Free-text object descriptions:
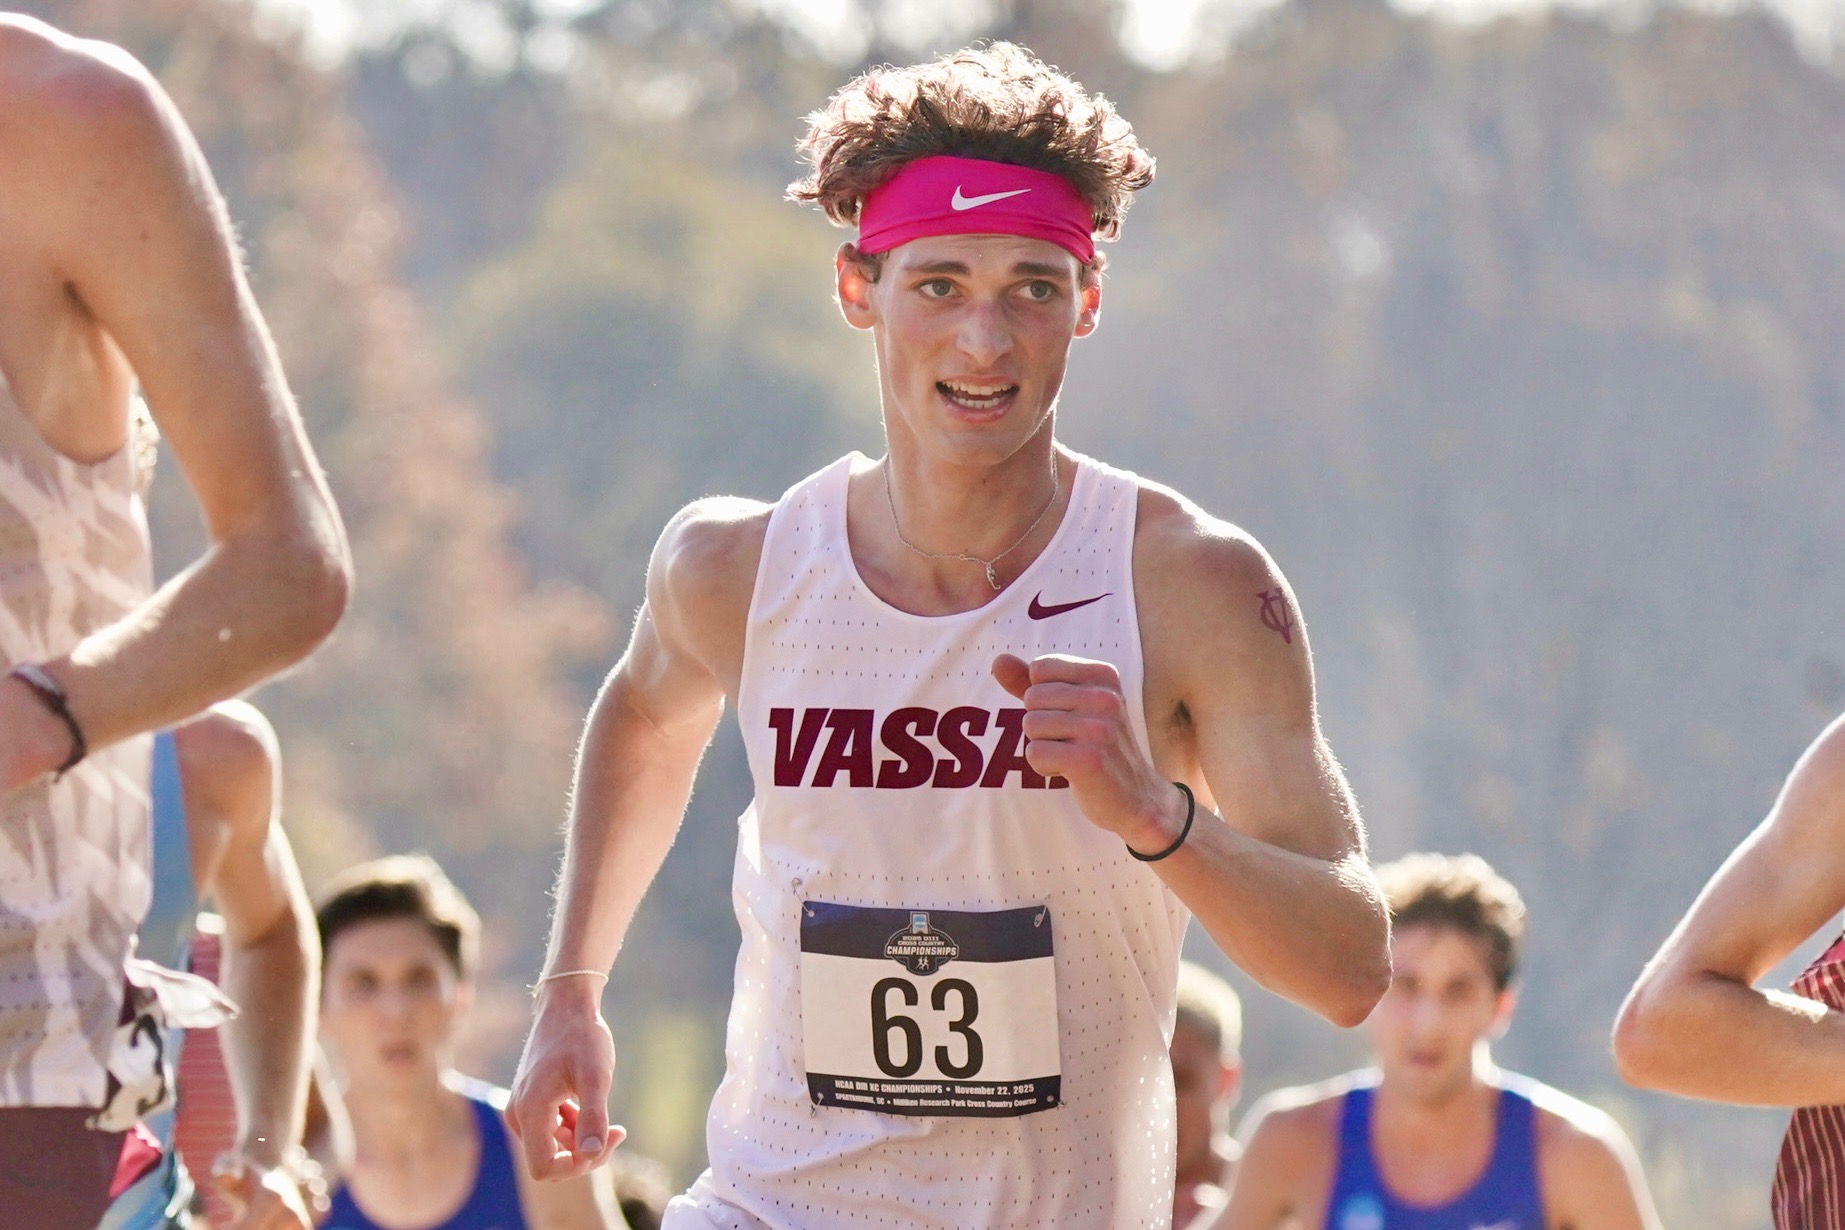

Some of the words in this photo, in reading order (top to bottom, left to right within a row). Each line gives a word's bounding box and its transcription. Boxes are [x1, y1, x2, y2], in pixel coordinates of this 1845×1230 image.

[768, 706, 1070, 790] VASSA
[887, 946, 957, 955] CHAMPIONSHIPS
[870, 976, 984, 1080] 63
[835, 1080, 854, 1090] NCAA
[869, 1082, 880, 1092] XC
[881, 1083, 943, 1094] CHAMPIONSHIPS
[955, 1085, 995, 1095] November
[997, 1086, 1011, 1096] 22,
[1013, 1084, 1034, 1095] 2025
[920, 1098, 950, 1107] Research
[951, 1099, 966, 1108] Park
[967, 1099, 986, 1108] Cross
[986, 1099, 1013, 1109] Country
[1013, 1097, 1037, 1107] Course
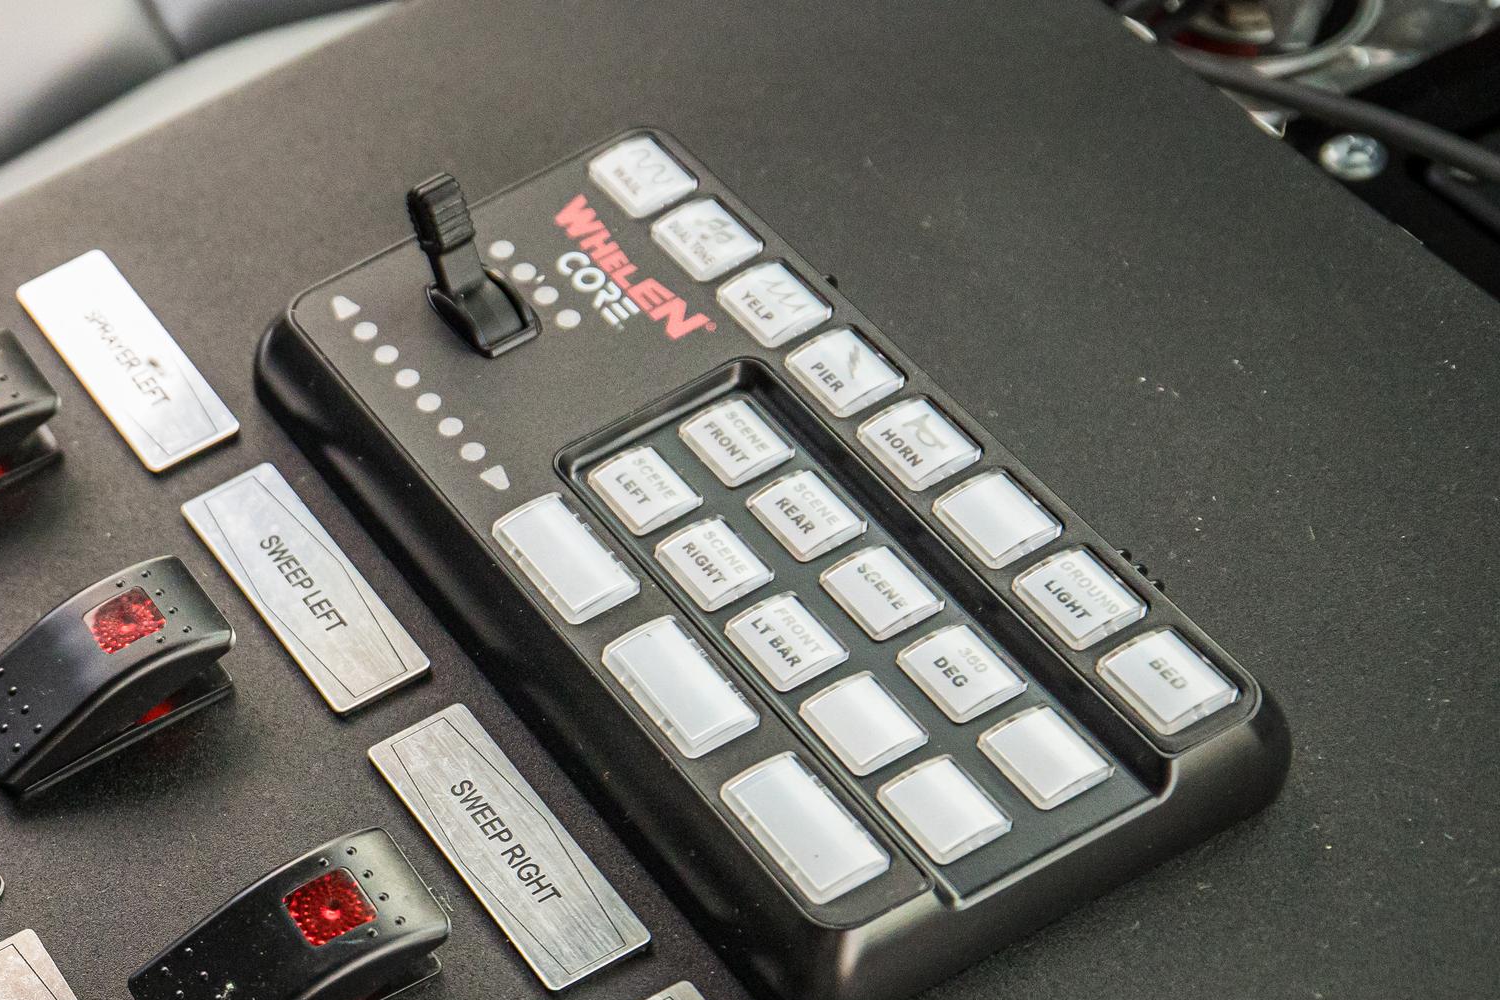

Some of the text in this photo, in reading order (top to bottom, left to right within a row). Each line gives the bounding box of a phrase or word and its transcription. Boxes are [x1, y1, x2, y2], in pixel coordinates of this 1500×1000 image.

[554, 193, 711, 341] WHELEN
[556, 251, 641, 327] CORE
[740, 290, 775, 320] YELP
[810, 361, 845, 393] PIER
[703, 420, 750, 464] FRONT
[725, 410, 769, 453] SCENE
[880, 428, 923, 467] HORN
[615, 472, 651, 506] LEFT
[632, 456, 676, 500] SCENE
[774, 496, 817, 536] REAR
[793, 481, 840, 526] SCENE
[681, 541, 727, 586] RIGHT
[703, 530, 749, 575] SCENE
[260, 535, 348, 632] SWEEP LEFT
[857, 562, 908, 610] SCENE
[1044, 579, 1092, 619] LIGHT
[1059, 560, 1122, 616] GROUND
[751, 617, 802, 668] LT BAR
[774, 606, 824, 653] FRONT
[932, 656, 969, 689] DEG
[957, 646, 988, 674] 360
[1149, 656, 1190, 691] BED
[450, 779, 562, 903] SWEEP RIGHT
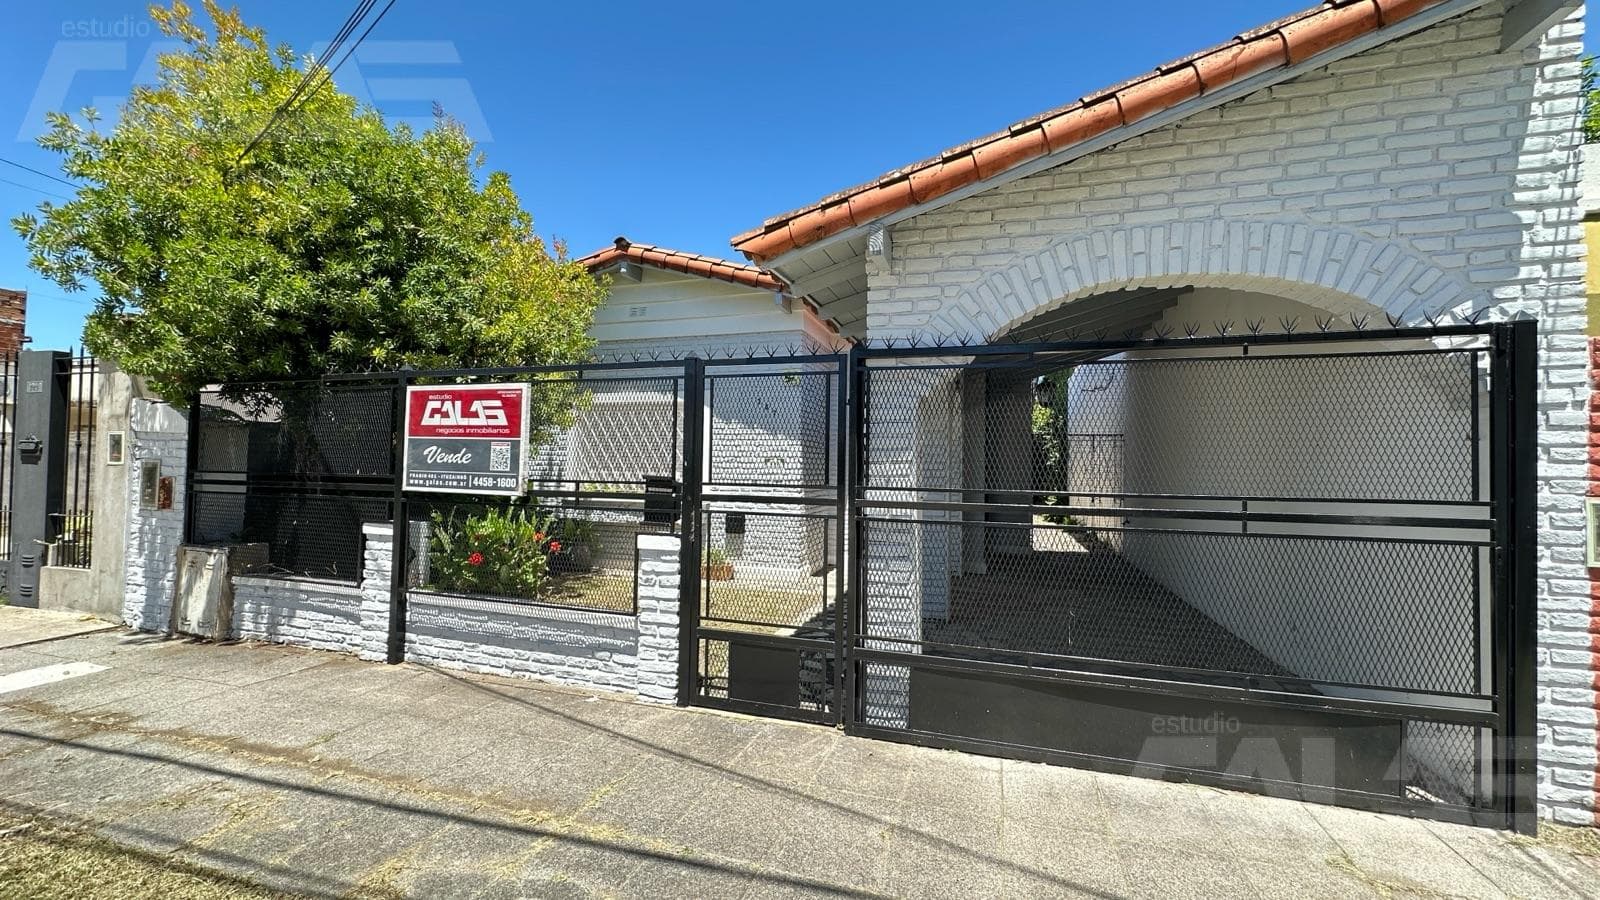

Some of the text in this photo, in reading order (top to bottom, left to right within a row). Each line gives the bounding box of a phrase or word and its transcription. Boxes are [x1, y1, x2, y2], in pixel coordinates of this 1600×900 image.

[420, 400, 509, 426] GALAS
[423, 445, 472, 464] Vende
[472, 477, 517, 488] 4458-1600
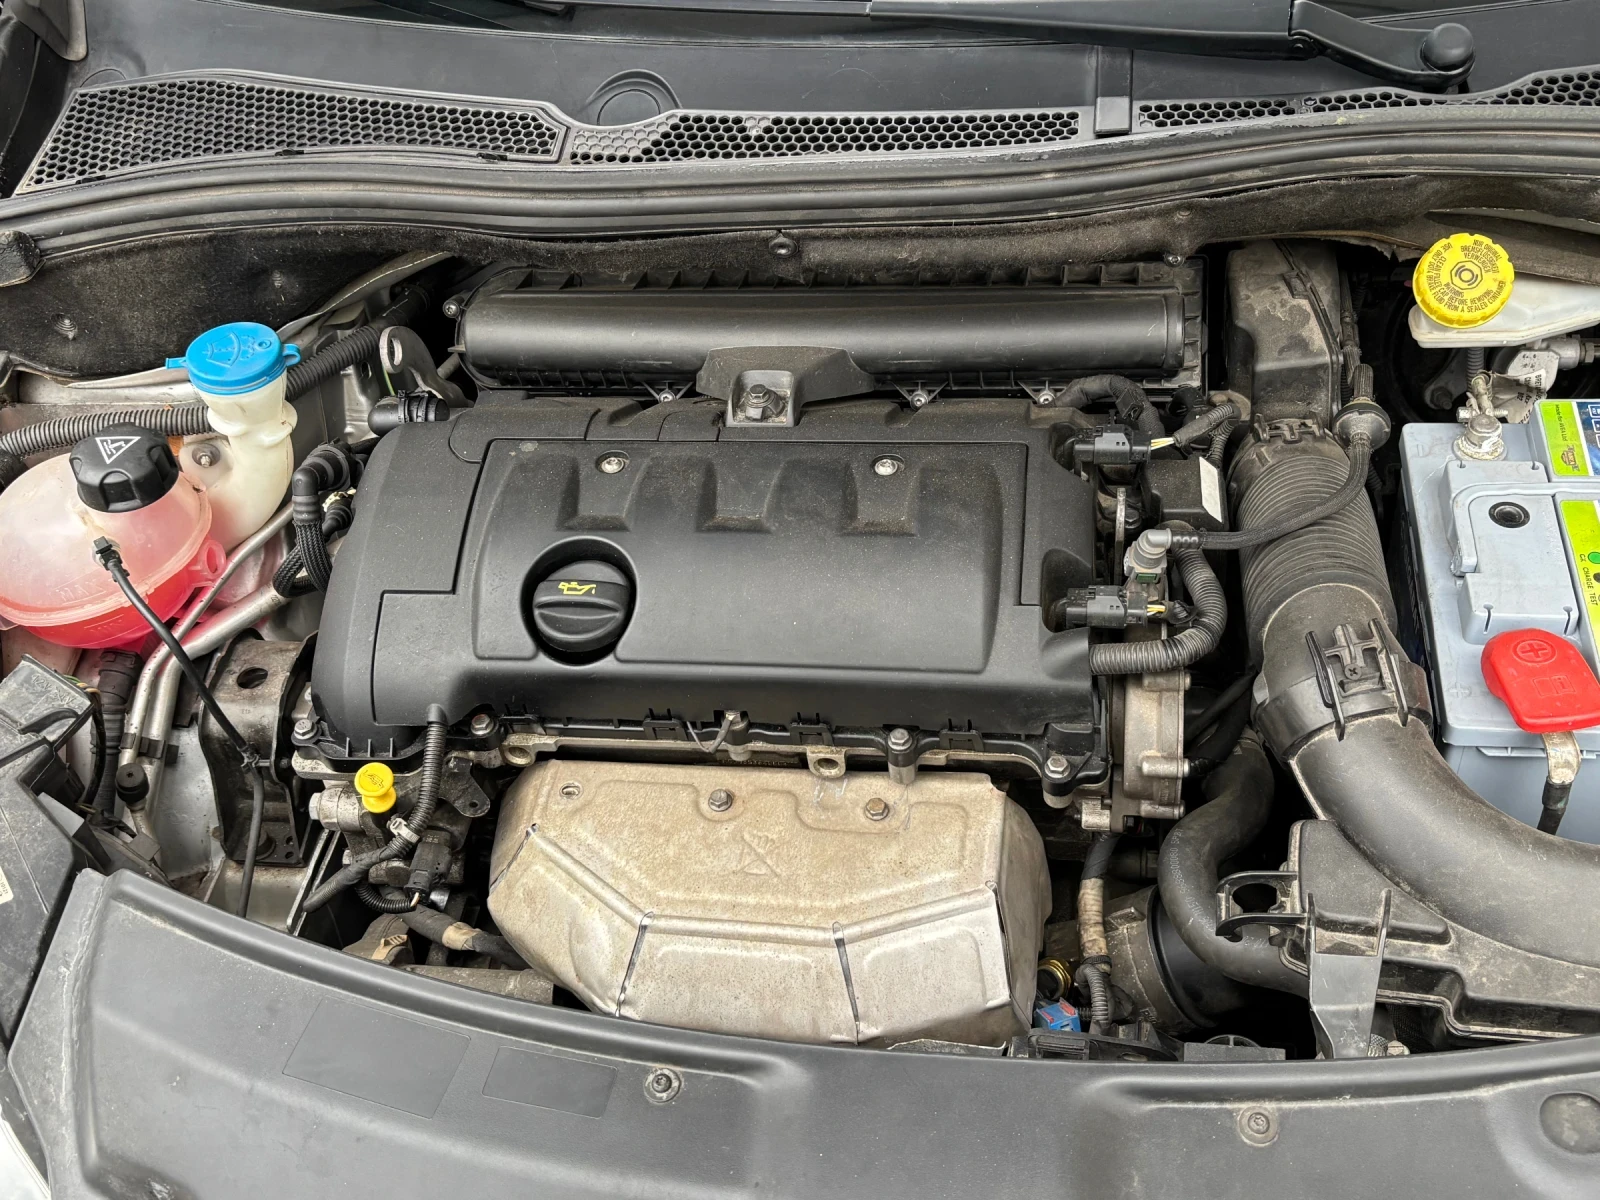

**TASK**
Restate word for word, and only, the lines from the line that contains "this 1500×1000 image." through the end of the data, both included; pictures are not part of the copy.

**OUTPUT FOR THIS TASK**
Some of the text in this photo, in reading order (top to bottom, left to right within a row). Each line gives the bounding box of a phrase or word and its transcription. Boxes are [x1, y1, x2, y2], in pixel coordinates of this 1500×1000 image.

[554, 193, 711, 341] WHELEN
[556, 251, 641, 327] CORE
[740, 290, 775, 320] YELP
[810, 361, 845, 393] PIER
[703, 420, 750, 464] FRONT
[725, 410, 769, 453] SCENE
[880, 428, 923, 467] HORN
[615, 472, 651, 506] LEFT
[632, 456, 676, 500] SCENE
[774, 496, 817, 536] REAR
[793, 481, 840, 526] SCENE
[681, 541, 727, 586] RIGHT
[703, 530, 749, 575] SCENE
[260, 535, 348, 632] SWEEP LEFT
[857, 562, 908, 610] SCENE
[1044, 579, 1092, 619] LIGHT
[1059, 560, 1122, 616] GROUND
[751, 617, 802, 668] LT BAR
[774, 606, 824, 653] FRONT
[932, 656, 969, 689] DEG
[957, 646, 988, 674] 360
[1149, 656, 1190, 691] BED
[450, 779, 562, 903] SWEEP RIGHT

Some of the text in this photo, in reading order (top to bottom, left to right within a row). Each line gives the bounding box of a phrase or word and its transcription. Boxes are [x1, y1, x2, y2], in pixel coordinates of this 1600×900 image.

[420, 400, 509, 426] GALAS
[423, 445, 472, 464] Vende
[472, 477, 517, 488] 4458-1600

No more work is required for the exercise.